Мы вошли в комнату. На диване лежала плетеная сумка, на столе – стопка пеленок. Все выглажены. С крохотной малышкой на руках, завернутой в светло-желтое одеяло, мать стояла у окна, смотрела на улицу и раскачивалась в такт песенки по радио, тихонько подпевая при этом. Софи плюхнулась в кресло.

– Что случилось? Она заболела?

Наморщив лоб, мать повернула голову, но не произнесла ни слова.

– Смотри, она даже не плачет.

Софи поджала под себя ноги.

– Долго она у нас будет?

– Она спит.

Потом мать посмотрела на меня, мои грязные штаны, и у нее в глазах промелькнул оттенок раздражения.

– Позавтракал?

– Да, кукурузными хлопьями. А пятна – я не виноват. Толстый и Марондесы, я имею в виду, их было трое, а потом я упал в грязь и…

– Ладно, ладно, не так громко. – Она оглядела малышку, подтянула повыше край одеяла. – Для этого существует стиральная машина.
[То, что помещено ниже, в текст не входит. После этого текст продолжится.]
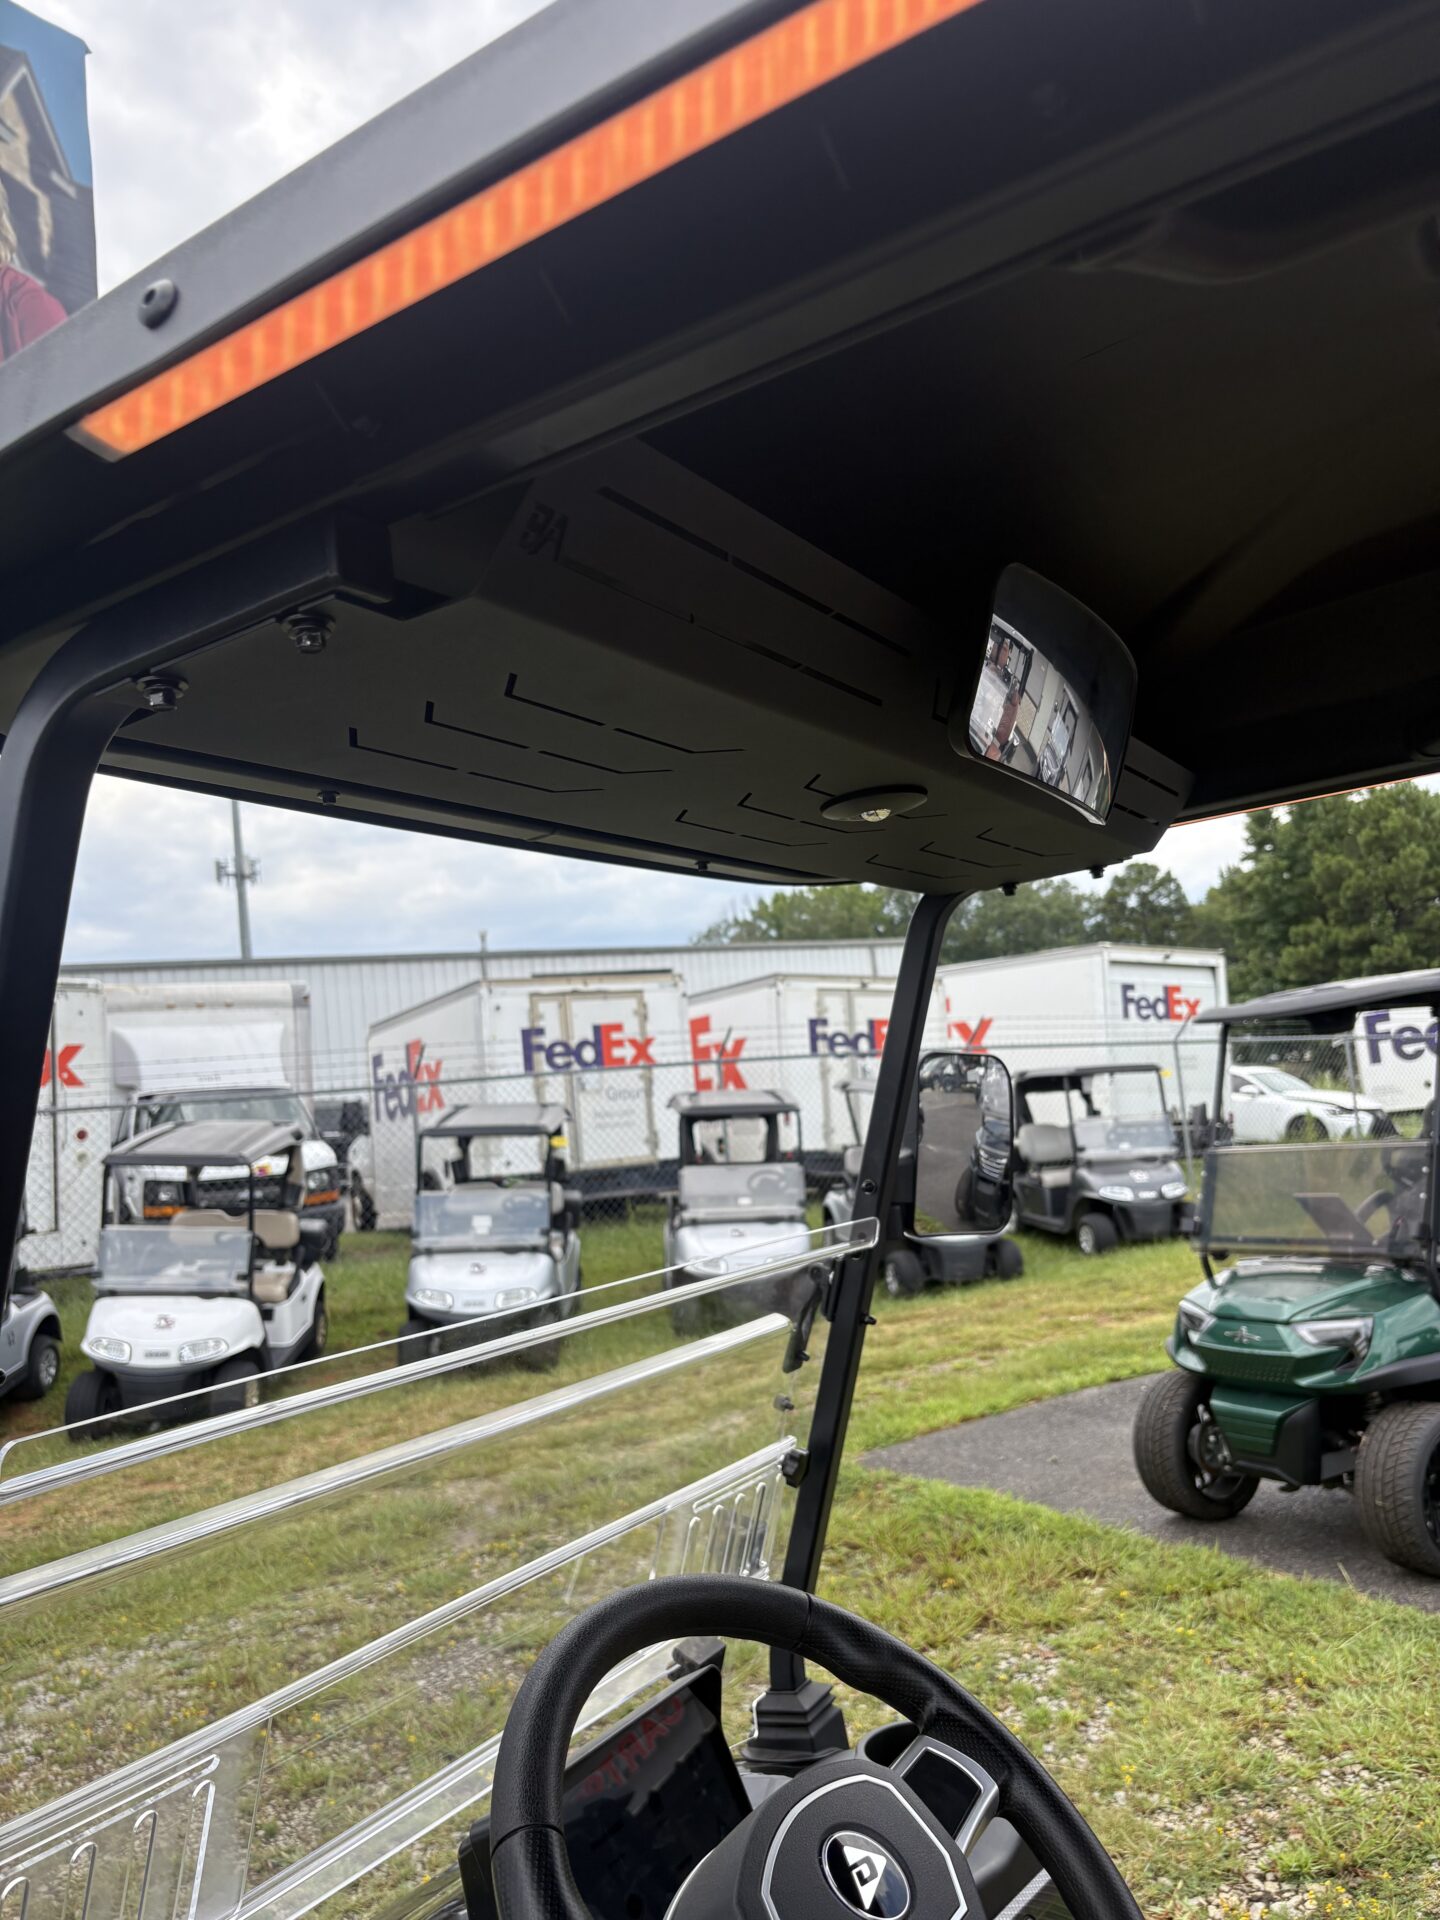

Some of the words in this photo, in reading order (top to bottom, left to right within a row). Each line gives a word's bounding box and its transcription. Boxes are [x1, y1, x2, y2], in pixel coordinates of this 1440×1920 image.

[1121, 984, 1200, 1020] FedEx
[521, 1023, 656, 1073] FedEx
[373, 1038, 445, 1121] FedEx
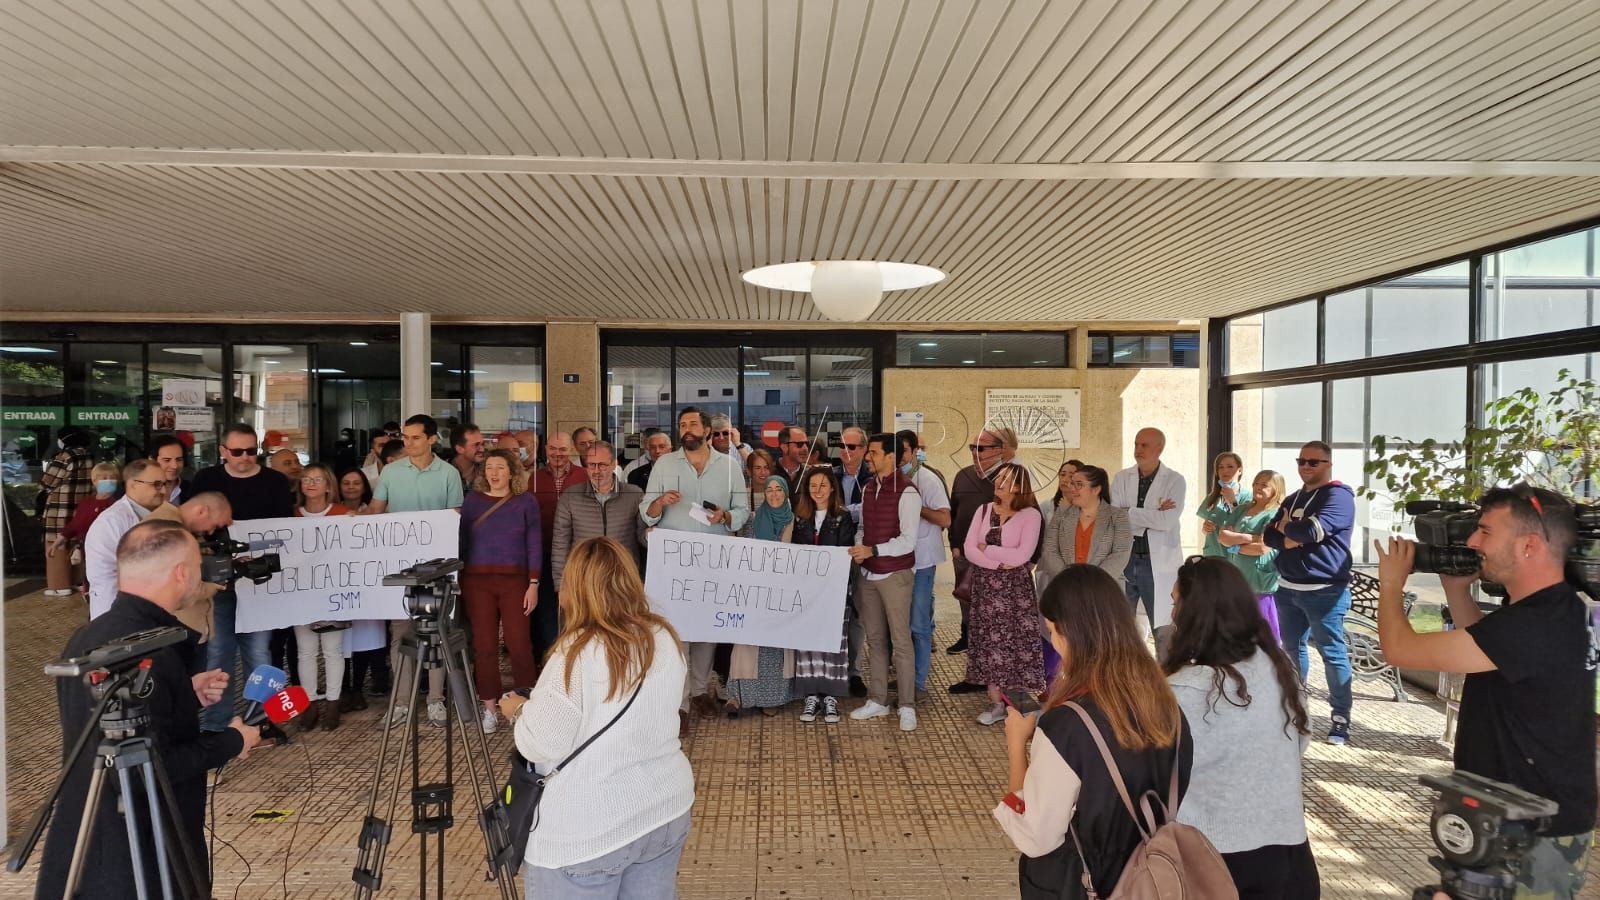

Она показала в угол, на подставку с цветами. Ее сигареты лежали рядом с горшком.

– Прикуришь мне? Умеешь?

– Кто? Я? Конечно…

Софи спрыгнула с кресла.

– Подожди, я зажгу!

Мать уставилась на нее.

– Тише, черт побери, – прошептала она, – я рада, что она наконец-то заснула.

Софи оттопырила нижнюю губу, чиркнула зажигалкой. Пламя взмыло вверх. Я выдохнул дым, не закашлявшись, а когда передавал сигарету матери, она слегка улыбнулась, одним уголком рта.

– Каков плод, таков и приплод. Ничего не поделаешь…

Прежде чем затянуться, она провела большим пальцем по фильтру, а моя сестра открыла сумку, изучая пузыречки и баночки.

– Мамочка, – она обнюхала соску медового цвета, осторожно лизнула ее языком, – ты же хотела что-то сказать Юлиану.

– Правда? Я хотела? – Запрокинув голову, мать выпустила дым к лампе вверх. Потом подмигнула мне. – Так, про что это мы… Я что-то запамятовала. Не поможешь мне, Юли? Ты ведь знаешь, что я хотела тебе сказать?

Я ухмыльнулся, а она сделала еще одну затяжку. Малышка пошевелилась под одеялом, крохотные ручки, показавшись из-под края одеяла, беспорядочно замахали в воздухе, и сразу после этого она начала кричать, правда, не очень громко. И звучало это словно издалека, с каким-то хрипом, как голоса в телефоне, который мы раньше мастерили из консервных молочных банок и веревок.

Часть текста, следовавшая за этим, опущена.